Mentre si racconta, cerca di spiegare, la voce a volte trema, eppure
non ha nessuna voglia di fermarsi ed è convinto di rientrare in una
specie di figura, marocchina, immigrata, africana, che non è altro che
qualcosa di immaginario e astratto. E basta vedere il volto dei
genitori, sentirli parlare, per capire quanta distanza ci sia tra lui e
il loro mondo. «Ma non ti guardi intorno sorella? Siamo solo la feccia
per loro (inteso, gli italiani, ndr), e da dentro queste fatiscenti
palazzine sono in pochi a permettersi di sognare. Fare piccole rapine,
spacciare, per molti ragazzi è ormai normale».
Un disagio che esprime anche Farid, che ha appena 14 anni e vive a
Vercelli, Mounir, diciottenne di Tor bella Monaca, estrema periferia est
di Roma. Ragazzi che vivono inquartieri popolari e realtà diverse ma
sembrano tutti fatti con lo stampino: abbigliamento, gusti musicali,
tanta rabbia e voglia di emergere, uscire dal “ghetto” a tutti i costi.
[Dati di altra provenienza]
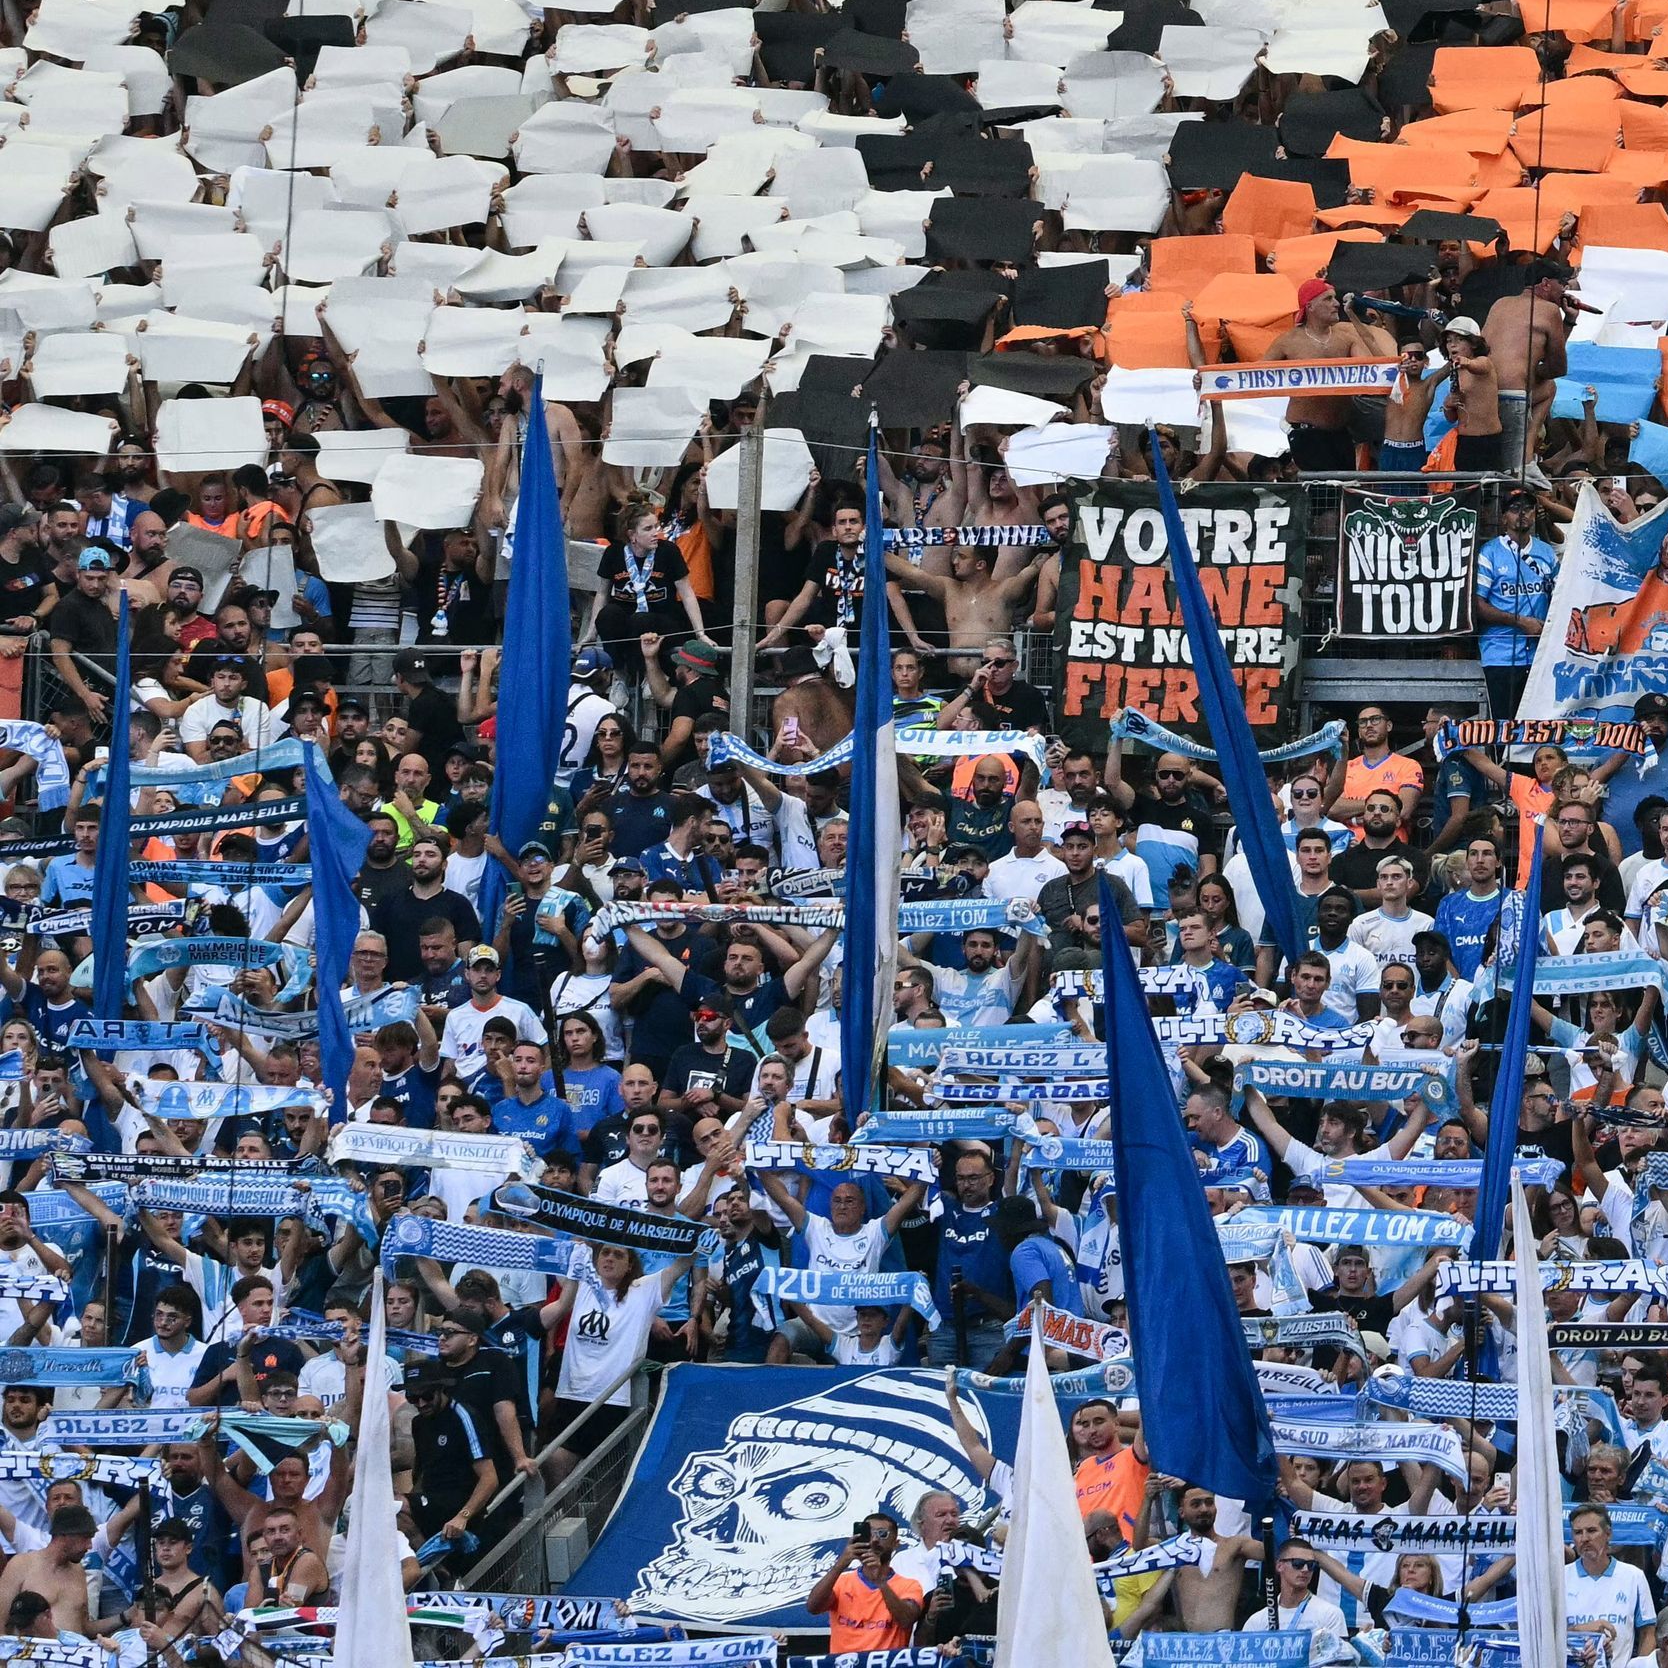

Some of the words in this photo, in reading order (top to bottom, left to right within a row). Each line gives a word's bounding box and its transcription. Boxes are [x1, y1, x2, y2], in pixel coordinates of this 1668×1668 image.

[1238, 368, 1286, 390] FIRST
[1305, 365, 1378, 386] WINNERS
[1079, 506, 1290, 564] VOTRE
[1350, 580, 1464, 633] TOUT
[1067, 620, 1144, 663] EST
[131, 813, 213, 833] OLYMPIQUE
[217, 801, 299, 824] MARSEILLE
[187, 943, 267, 955] OLYMPIQUE
[188, 952, 267, 965] MARSEILLE
[946, 1030, 981, 1040] ALLEZ
[1252, 1065, 1327, 1089] DROIT
[1330, 1070, 1366, 1090] AU
[1371, 1072, 1423, 1092] BUT
[919, 1120, 955, 1134] 1993
[88, 1155, 179, 1167] OLYMPIQUE
[180, 1158, 203, 1168] DE
[541, 1199, 608, 1228] OLYMPIQUE
[610, 1216, 626, 1230] DE
[628, 1220, 695, 1243] MARSEILLE
[1277, 1210, 1356, 1238] ALLEZ
[1364, 1212, 1429, 1242] L'OM
[840, 1272, 901, 1286] OLYMPIQUE
[831, 1284, 850, 1297] DE
[852, 1284, 908, 1298] MARSEILLE
[1556, 1323, 1613, 1343] DROIT
[1616, 1323, 1645, 1341] AU
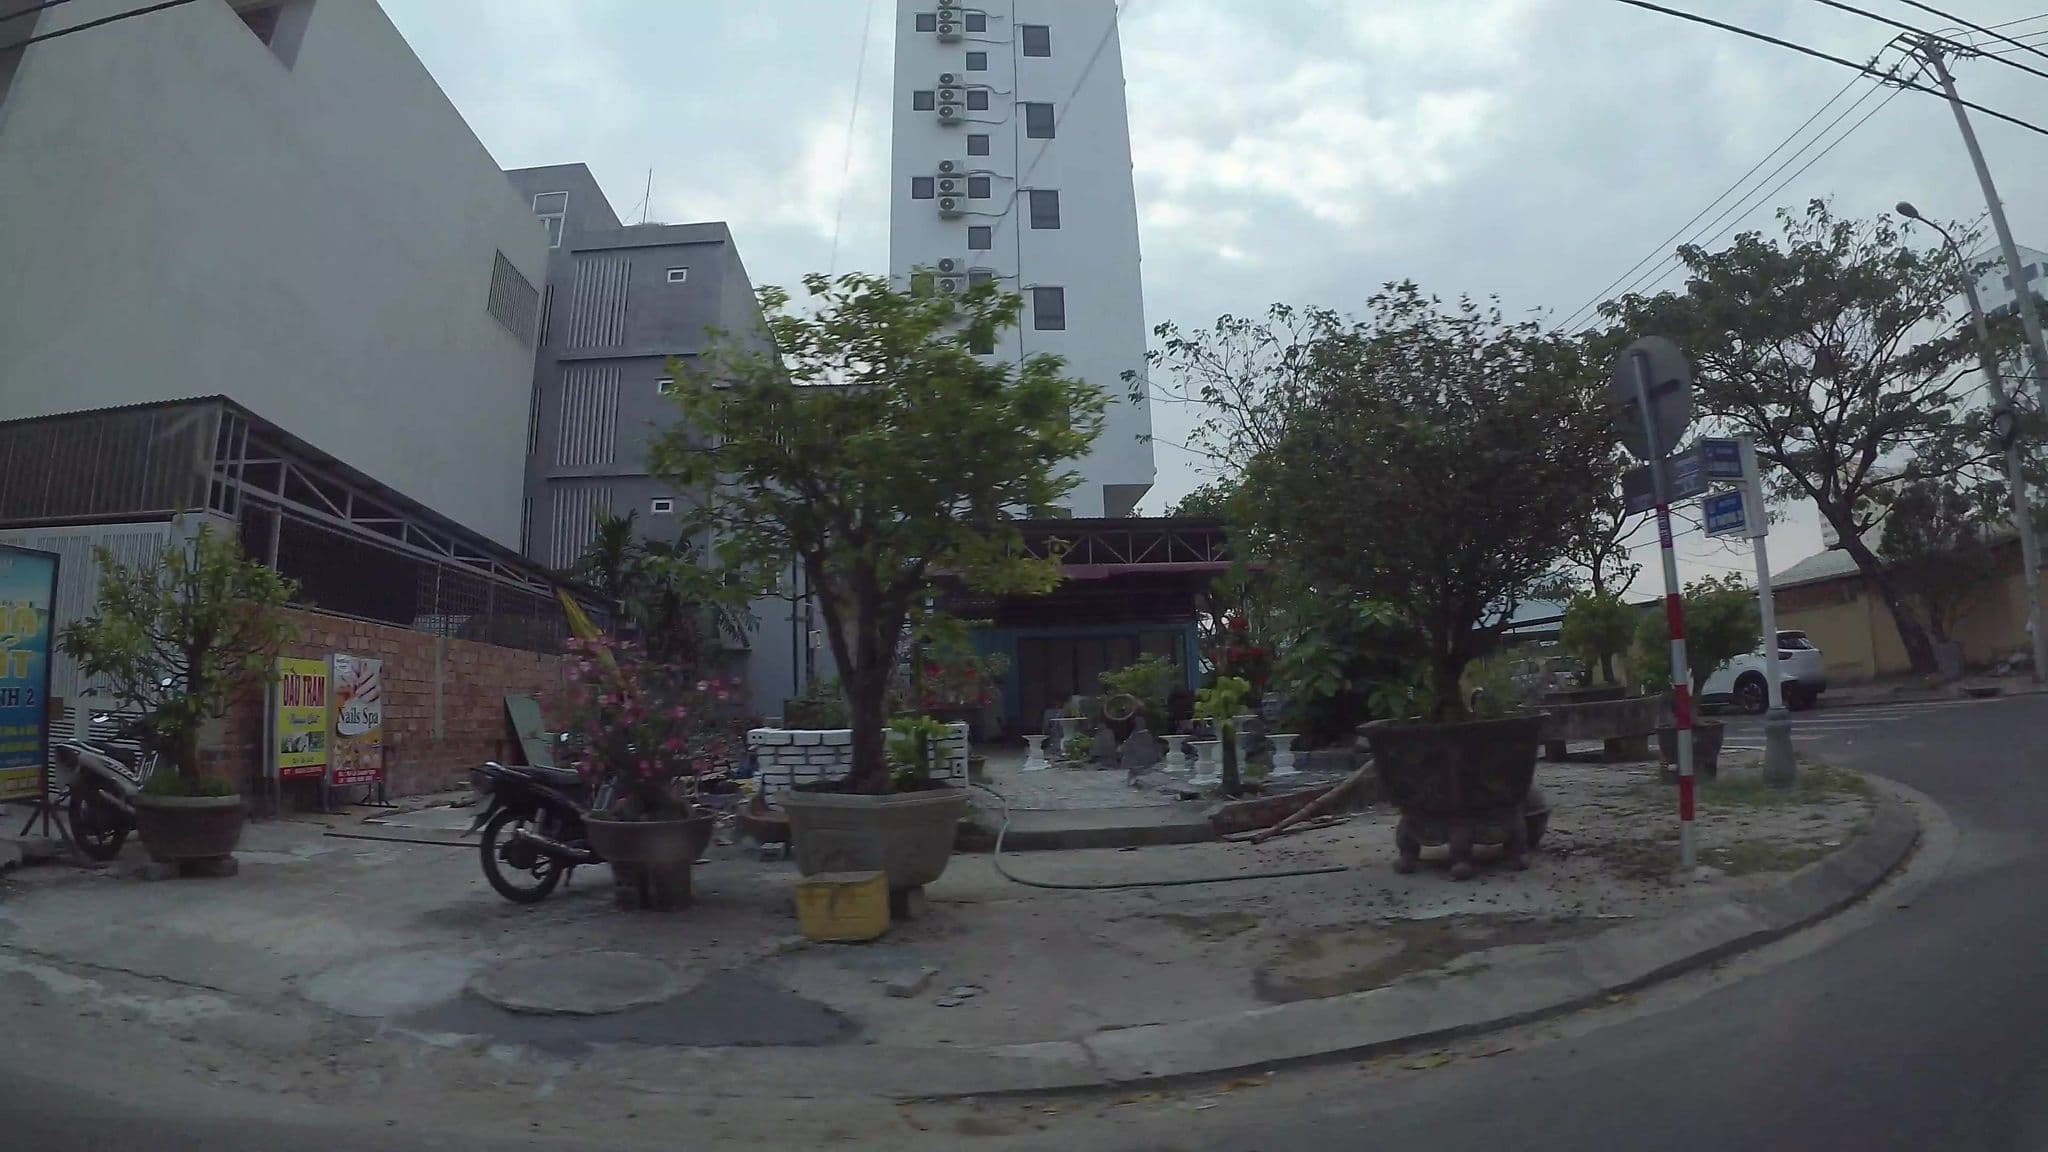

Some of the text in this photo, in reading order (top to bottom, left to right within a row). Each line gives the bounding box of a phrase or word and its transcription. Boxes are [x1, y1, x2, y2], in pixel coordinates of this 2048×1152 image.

[25, 687, 35, 707] 2
[336, 704, 361, 724] Nails
[362, 706, 379, 728] Spa
«È un ghetto non solo di palazzine - spiega Fatma, 18 anni, tunisina
ma di percezioni, opportunità, parole, stigmatizzazione e pregiudizi
che continuano ad imprigionarci, senza via di scampo. I rapper
emergenti, come Sacky, Baby Gang, Neima Ezza un po’ danno sfogo al
nostro disagio».
Dice
Rashid, 20 anni, Barriera di Torino: «Io non sono una vittima.
Semplicemente so che devo andare a prendere quello che mi spetta. Perché
tanto qui non me lo darà nessuno. Sai quante volte mi hanno fermato
le forze dell’ordine solo perché ho la faccia da maghrebino? Tanto vale
fare il vero spacciatore».
Parole troppo grandi per ragazzi troppo giovani nati in Italia da
genitori immigrati e dove «l’Africa» è in realtà la città o il
villaggio dove sono nati i loro genitori. Eppure, quelle parole
riescono a dirle leggeri. Quella che sembra accomunare una parte dei
figli di immigrati. Basta parlarci, entrare un po’ nella loro testa e
scardinare i miti che si sono costruiti per capire che sono, da una
parte, al centro di un vero scontro generazionale con la cultura e le
tradizioni dei genitori; dall’altra, in un conflitto identitario con il
Paese dove sono nati e cresciuti. Uno scontro che, in ultima istanza,
sfocia in rabbia e violenza, come quella avvenuta il 2 giugno sulle
spiagge di Castelnuovo e Peschiera del Garda dove si sono riversati
centinaia di ragazzi arrivati dalla Lombardia per un raduno trap
chiamato «L’Africa a Peschiera».
Come si è riusciti a portare una parte delle seconde generazioni di
nuovi italiani a percepirsi “Africa” nel Paese in cui sono nati e
cresciuti? E attenzione, a percepirsi “Africa” nell’accezione
negativa, rispondendo al peggior pregiudizio razzista. Perché quello è
stato: la devastazione fisica del luogo pubblico per finire con le
molestie orrende che hanno colpito anche qui, come a Capodanno a
Milano, ragazze inermi, magari coetanee, compagne di scuola, sorelle,
amiche, che di colpo vengono disumanizzate, per diventare solo
«bianche» da molestare.
Un nichilismo estremo. Una semplificazione rozza e al limite che
divide tra bianco e nero, quando anche il bianco e il nero in quel
dato contesto in realtà non esistono, ma sono solo una percezione che si
è fatta realtà nella più becera violenza, che ci indica come nei
prossimi anni sarà complicato trovare la ricetta giusta per scardinare
un incubo che si è avverato, per la gioia di chi ha tifato sempre
affinché una integrazione non fosse possibile e non ha fatto nulla
perché si realizzasse.
Maurizio Crippa, La rabbia e le scuse, Il Foglio, 8 giugno 2022
... E' giusto l’articolo, ovviamente, e giusti gli sfoghi, ovviamente, di chi
si vede confinato in un “ghetto”. Ed è giusto anche il pensoso monito
che “basta parlarci, entrare nella loro testa”. Ma i reati sono reati,
il resto è una excusatio troppo petita.